In mathematics, the Legendre transformation (or Legendre transform), first introduced by Adrien-Marie Legendre in 1787 when studying the minimal surface problem, is an involutive transformation on real-valued functions that are convex on a real variable. Specifically, if a real-valued multivariable function is convex on one of its independent real variables, then the Legendre transform with respect to this variable is applicable to the function.

In physical problems, the Legendre transform is used to convert functions of one quantity (such as position, pressure, or temperature) into functions of the conjugate quantity (momentum, volume, and entropy, respectively). In this way, it is commonly used in classical mechanics to derive the Hamiltonian formalism out of the Lagrangian formalism (or vice versa) and in thermodynamics to derive the thermodynamic potentials, as well as in the solution of differential equations of several variables.
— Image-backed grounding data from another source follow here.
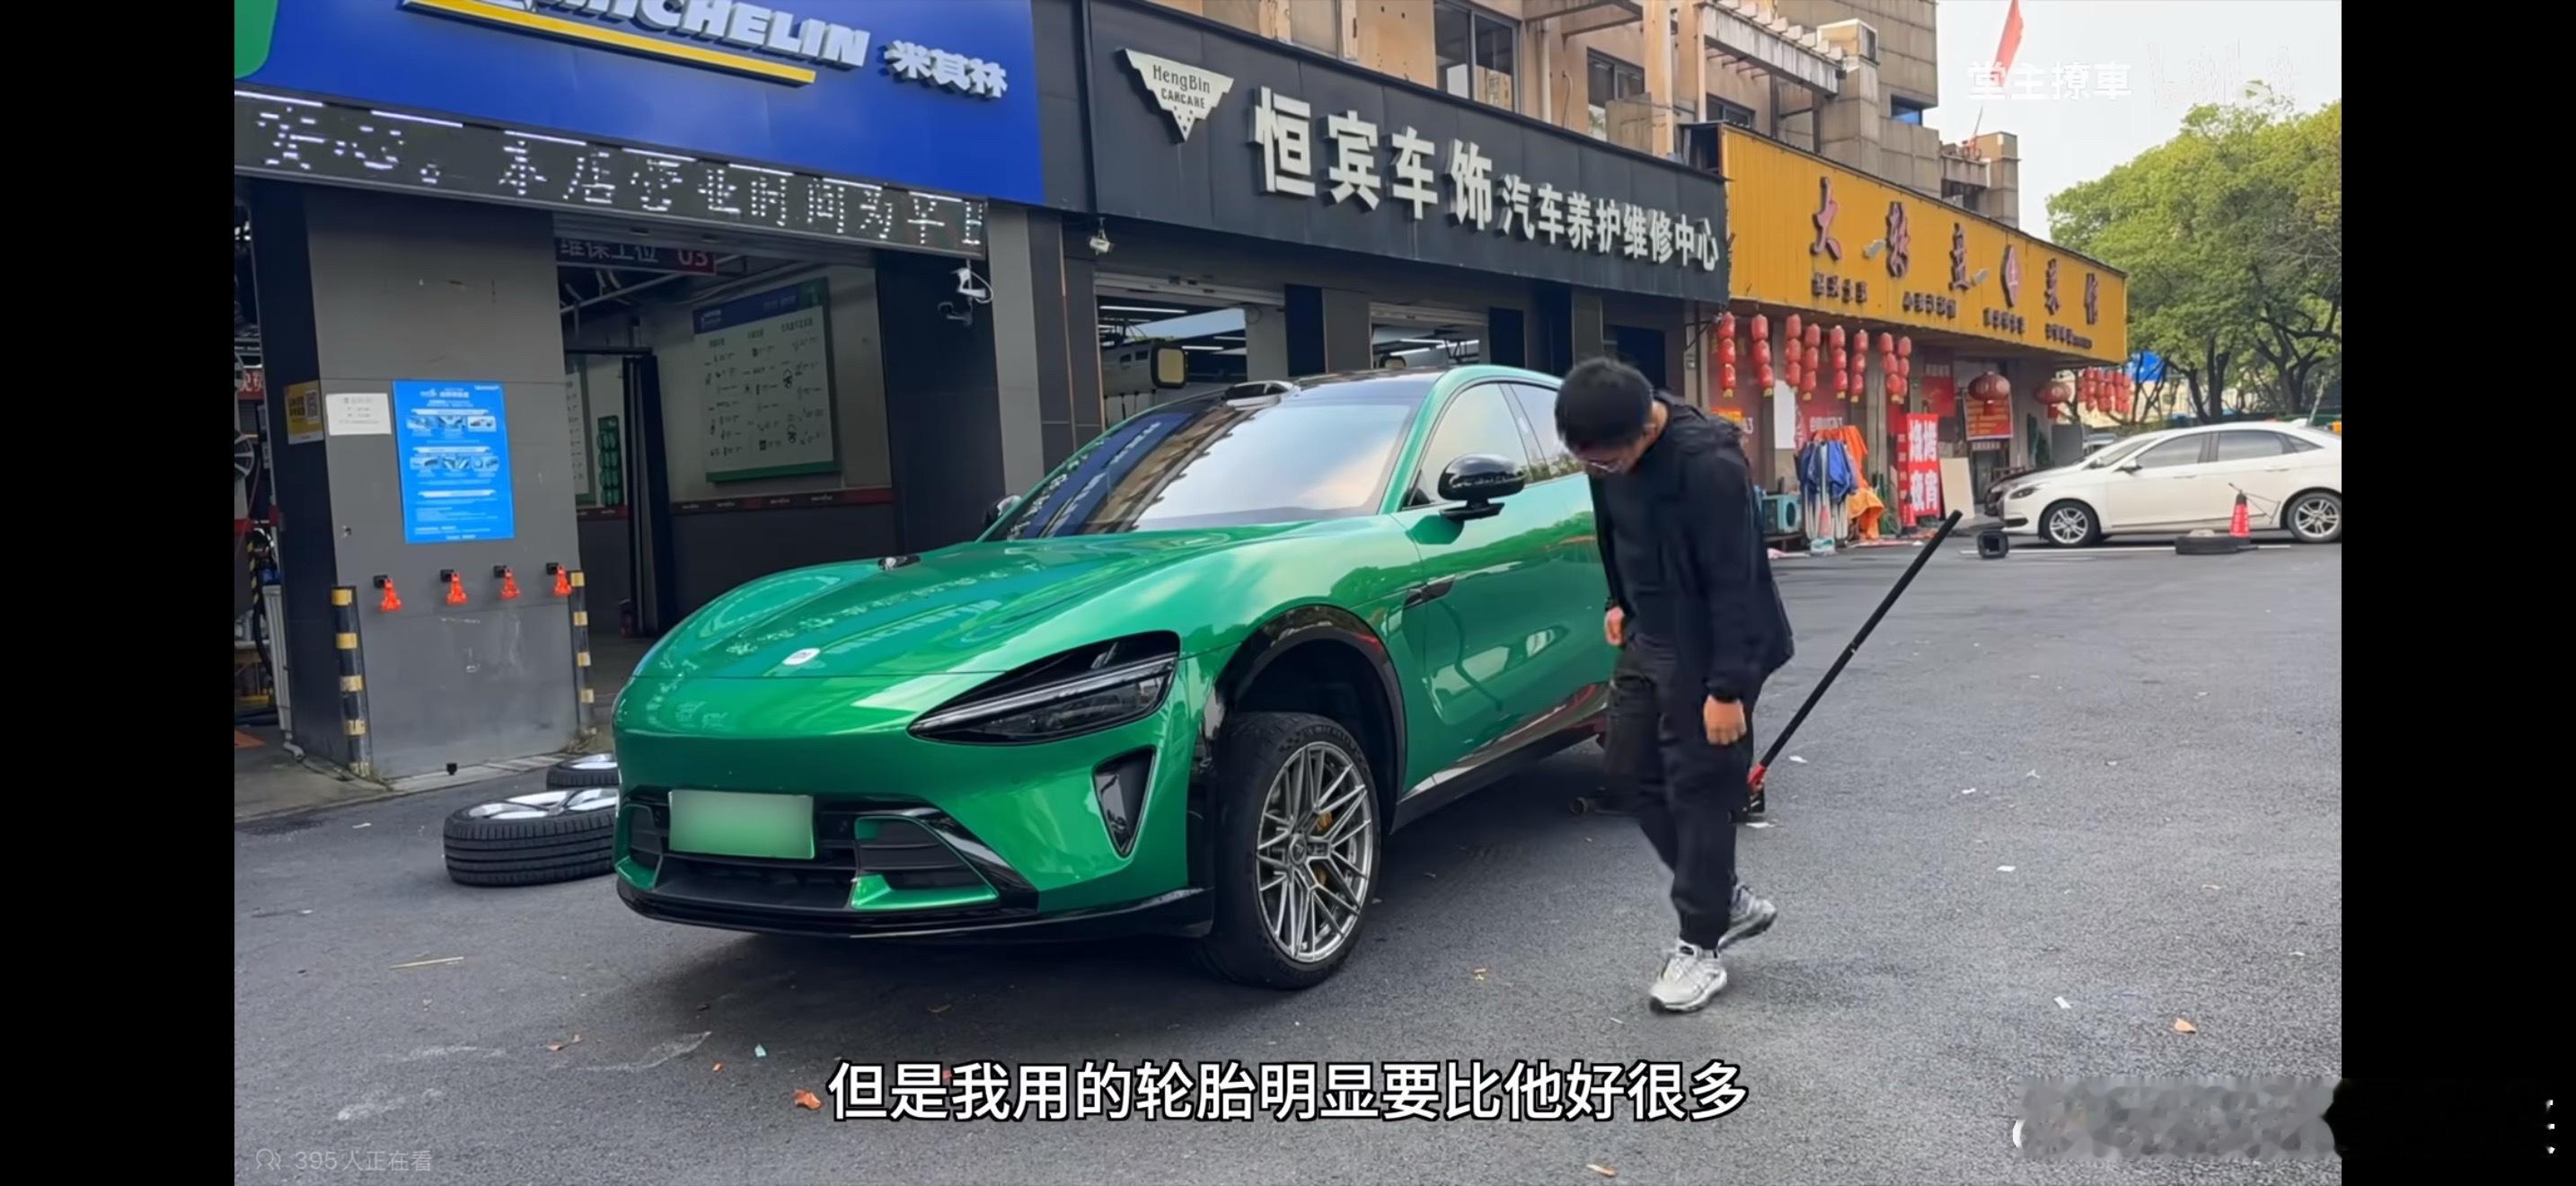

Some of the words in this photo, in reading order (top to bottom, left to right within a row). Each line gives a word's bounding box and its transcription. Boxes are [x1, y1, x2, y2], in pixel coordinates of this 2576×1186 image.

[559, 0, 870, 67] CHELIN
[886, 40, 1008, 98] 米其林
[1152, 64, 1211, 94] HengBin
[1160, 87, 1206, 109] CARCARE
[1254, 85, 1494, 232] 恒宾车饰
[1499, 173, 1720, 271] 汽车养护维修中心
For sufficiently smooth functions on the real line, the Legendre transform ${\displaystyle f^{*}}$ of a function ${\displaystyle f}$ can be specified, up to an additive constant, by the condition that the functions' first derivatives are inverse functions of each other. This can be expressed in Euler's derivative notation as $${\displaystyle Df(\cdot )=\left(Df^{*}\right)^{-1}(\cdot )~,}$$ where ${\displaystyle D}$ is an operator of differentiation, ${\displaystyle \cdot }$ represents an argument or input to the associated function, ${\displaystyle (\phi )^{-1}(\cdot )}$ is an inverse function such that ${\displaystyle (\phi )^{-1}(\phi (x))=x}$, or equivalently, as ${\displaystyle f'(f^{*\prime }(x^{*}))=x^{*}}$ and ${\displaystyle f^{*\prime }(f'(x))=x}$ in Lagrange's notation.

The generalization of the Legendre transformation to affine spaces and non-convex functions is known as the convex conjugate (also called the Legendre–Fenchel transformation), which can be used to construct a function's convex hull.

Let ${\displaystyle I\subset \mathbb {R} }$ be an interval, and ${\displaystyle f:I\to \mathbb {R} }$ a convex function; then the Legendre transform of ${\displaystyle f}$ is the function ${\displaystyle f^{*}:I^{*}\to \mathbb {R} }$ defined by $${\displaystyle f^{*}(x^{*})=\sup _{x\in I}(x^{*}x-f(x)),\ \ \ \ I^{*}=\left\{x^{*}\in \mathbb {R} :\sup _{x\in I}(x^{*}x-f(x))<\infty \right\}}$$ where ${\textstyle \sup }$ denotes the supremum over ${\displaystyle I}$, e.g., ${\textstyle x}$ in ${\textstyle I}$ is chosen such that ${\textstyle x^{*}x-f(x)}$ is maximized at each ${\textstyle x^{*}}$, or ${\textstyle x^{*}}$ is such that ${\displaystyle x^{*}x-f(x)}$ has a bounded value throughout ${\textstyle I}$ (e.g., when ${\displaystyle f(x)}$ is a linear function).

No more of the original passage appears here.